Mon enseignant de français est un féru de littérature négro-africaine. Sylvain Malongo te parle avec tellement de passion de son amour des textes des grands maîtres du roman africain que son cours ressemble presqu’à une prédication. C’est en tout cas comme cela que je l’ai vécu.
C’est ainsi que je me suis jeté sur «Les Bouts de bois de Dieu» de Sembène Ousmane. Le premier roman qui m’a fait oublier la nuit tellement j’étais pressé d’en connaître le dénouement.
Avec ses airs de prédicateur, M. Malongo avait l’art de raconter un roman sans jamais en dire trop. Juste ce qu’il faut pour te pousser à aller chercher le bouquin et à le lire toi-même.
C’est dans sa bouche que j’entends pour la première fois parler de «Xala», un autre roman de Sembène Ousmane. Et surtout, «Les soleils des Indépendances» d’Ahmadou Kourouma.
J’obtiens malheureusement le bac sans avoir jamais lu ces deux romans dont je gardais pourtant un souvenir vivace du résumé que nous avait présenté M. Malongo.

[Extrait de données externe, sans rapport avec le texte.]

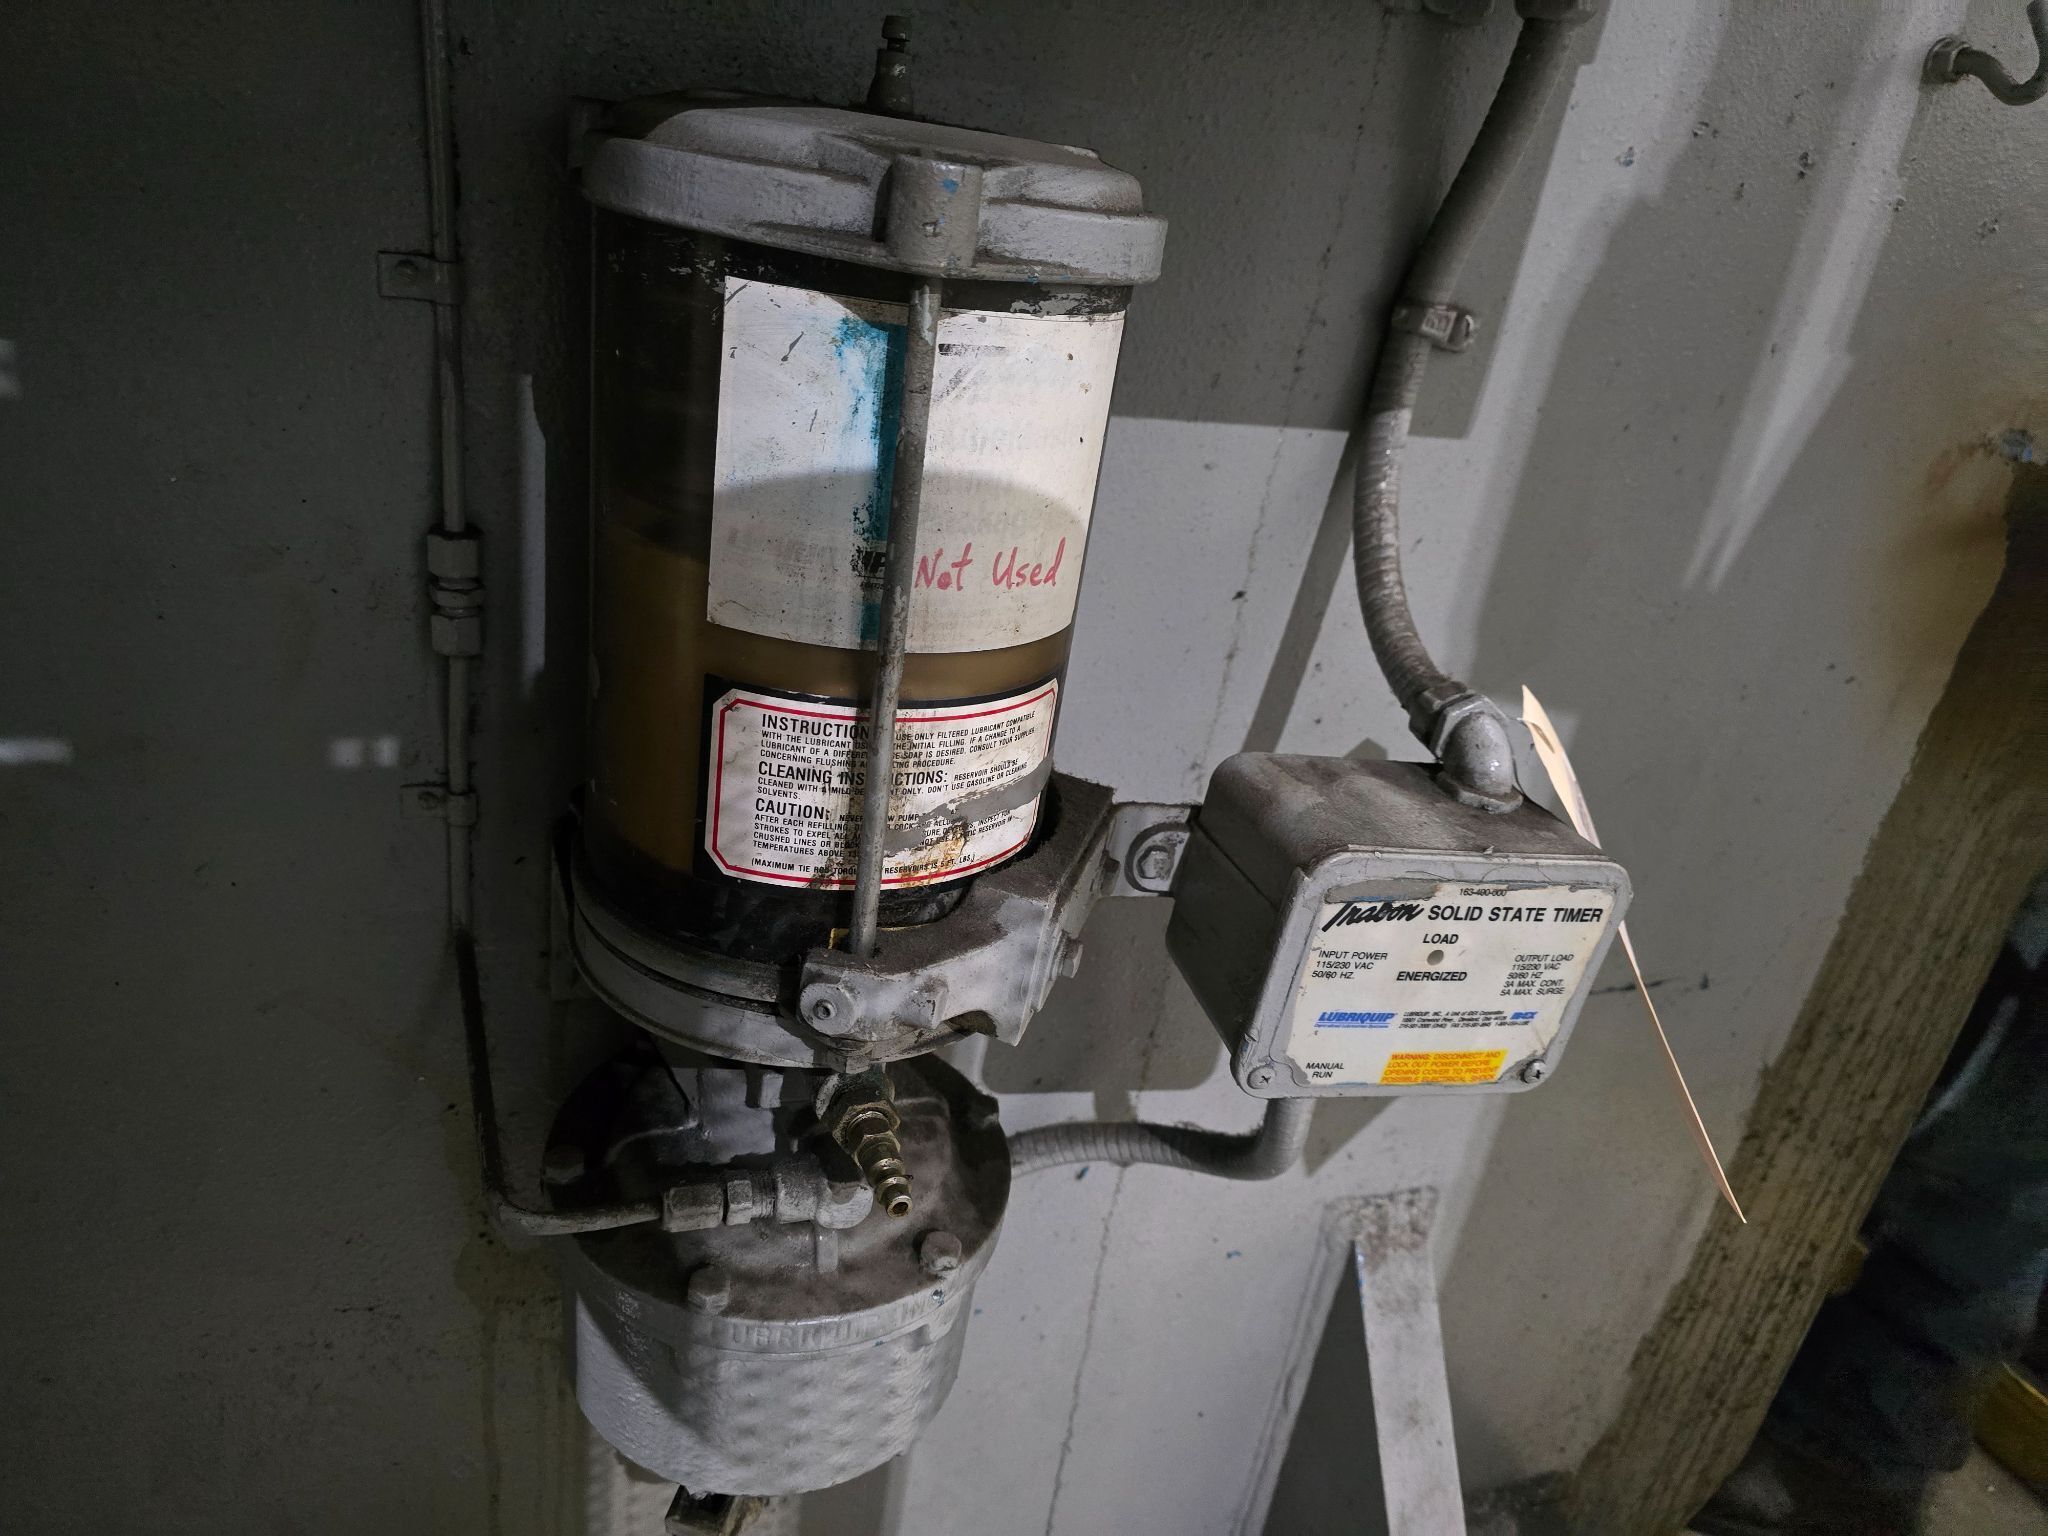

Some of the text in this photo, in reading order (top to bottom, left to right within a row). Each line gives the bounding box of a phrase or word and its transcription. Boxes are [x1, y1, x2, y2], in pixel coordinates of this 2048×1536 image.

[915, 542, 972, 591] Not
[992, 537, 1066, 590] Used
[762, 711, 1036, 741] INSTRUCTION USE ONLY FILTERED LUBRICANT COMPATIBLE
[761, 730, 782, 741] WITH
[786, 734, 802, 744] THE
[805, 737, 852, 749] LUBRICANT
[910, 741, 935, 750] INITIAL
[978, 735, 982, 743] A
[985, 729, 1007, 742] CHANGE
[1010, 726, 1016, 734] TO
[761, 740, 806, 755] LUBRICANT
[810, 747, 820, 756] OF
[904, 751, 923, 760] SOAP
[926, 751, 933, 759] IS
[969, 741, 997, 753] CONSULT
[999, 736, 1013, 747] YOUR
[760, 749, 812, 764] CONCERNING
[816, 758, 857, 769] FLUSHING
[912, 757, 955, 768] PROCEDURE.
[757, 776, 794, 789] CLEANED
[797, 783, 818, 793] WITH
[831, 786, 851, 795] MILD
[902, 788, 924, 796] ONLY.
[928, 784, 949, 794] DON'T
[951, 781, 965, 791] USE
[967, 774, 995, 788] GASOLINE
[997, 772, 1004, 780] OR
[1005, 762, 1028, 777] CLEANING
[758, 761, 832, 783] CLEANING
[954, 768, 988, 781] RESERVOIR
[757, 785, 801, 800] SOLVENTS.
[755, 797, 829, 820] CAUTION:
[754, 813, 779, 824] AFTER
[782, 818, 804, 828] EACH
[753, 832, 790, 844] CRUSHED
[794, 838, 817, 847] LINES
[820, 840, 831, 848] OR
[978, 819, 1006, 833] RESERVOIR
[754, 823, 789, 835] STROKES
[793, 828, 803, 837] TO
[806, 829, 831, 839] EXPEL
[753, 840, 815, 856] TEMPERATURES
[818, 849, 845, 858] ABOVE
[751, 857, 795, 871] (MAXIMUM
[798, 864, 810, 873] TIE
[884, 863, 928, 874] RESERVOIRS
[930, 862, 938, 870] IS
[1427, 904, 1483, 922] SOLID
[1488, 906, 1547, 922] STATE
[1553, 907, 1604, 923] TIMER
[1422, 933, 1459, 945] LOAD
[1318, 950, 1389, 961] INPUT POWER
[1514, 953, 1575, 963] OUTPUT LOAD
[1316, 960, 1375, 970] 115/230 VAC
[1544, 962, 1562, 971] VAC
[1311, 970, 1337, 980] 50/60
[1396, 971, 1468, 982] ENERGIZED
[1536, 986, 1566, 996] SURGE
[1318, 1011, 1396, 1025] LUBRIQUIP
[1433, 1051, 1486, 1060] DISCONNECT
[1486, 1050, 1500, 1058] AND
[1305, 1061, 1345, 1079] MANUAL RUN
[1386, 1059, 1491, 1069] LOCK OUT POWER BEFORE
[1452, 1067, 1464, 1075] TO
[1464, 1066, 1498, 1074] PREVENT

Les années ont passé. Les rencontres, la curiosité et le hasard m’ont porté vers la littérature russe (Fédor Mikhaïlovitch Dostoïevski est mon écrivain préféré), américaine et française. «Quand l’oiseau disparut» du Sud-africain Alan Paton est le seul roman écrit par un Africain que j’ai lu depuis que j’ai quitté le collège (Honte à moi!).
Merci Ganda !
Pendant la pause que je me suis permis l’été dernier, j’étais décidé : je dois me réconcilier avec la littérature africaine.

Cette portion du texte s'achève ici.